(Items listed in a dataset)
>>>>

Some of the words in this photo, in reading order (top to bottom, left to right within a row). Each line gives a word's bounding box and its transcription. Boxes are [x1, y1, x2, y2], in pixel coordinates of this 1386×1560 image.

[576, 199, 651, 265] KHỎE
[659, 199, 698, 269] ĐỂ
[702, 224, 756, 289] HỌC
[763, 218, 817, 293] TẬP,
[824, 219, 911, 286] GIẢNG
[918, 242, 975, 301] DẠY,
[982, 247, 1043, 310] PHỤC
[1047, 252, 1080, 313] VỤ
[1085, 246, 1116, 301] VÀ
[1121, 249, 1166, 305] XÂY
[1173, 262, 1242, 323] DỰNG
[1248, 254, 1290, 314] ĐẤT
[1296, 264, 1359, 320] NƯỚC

<<<<

_Your assignment_:
In full and without error, transcribe each of the entries.

_Answer box_:
Some of the words in this photo, in reading order (top to bottom, left to right within a row). Each line gives a word's bounding box and its transcription. Boxes are [x1, y1, x2, y2], in pixel coordinates of this 1386×1560 image.

[576, 199, 651, 265] KHỎE
[659, 199, 698, 269] ĐỂ
[702, 224, 756, 289] HỌC
[763, 218, 817, 293] TẬP,
[824, 219, 911, 286] GIẢNG
[918, 242, 975, 301] DẠY,
[982, 247, 1043, 310] PHỤC
[1047, 252, 1080, 313] VỤ
[1085, 246, 1116, 301] VÀ
[1121, 249, 1166, 305] XÂY
[1173, 262, 1242, 323] DỰNG
[1248, 254, 1290, 314] ĐẤT
[1296, 264, 1359, 320] NƯỚC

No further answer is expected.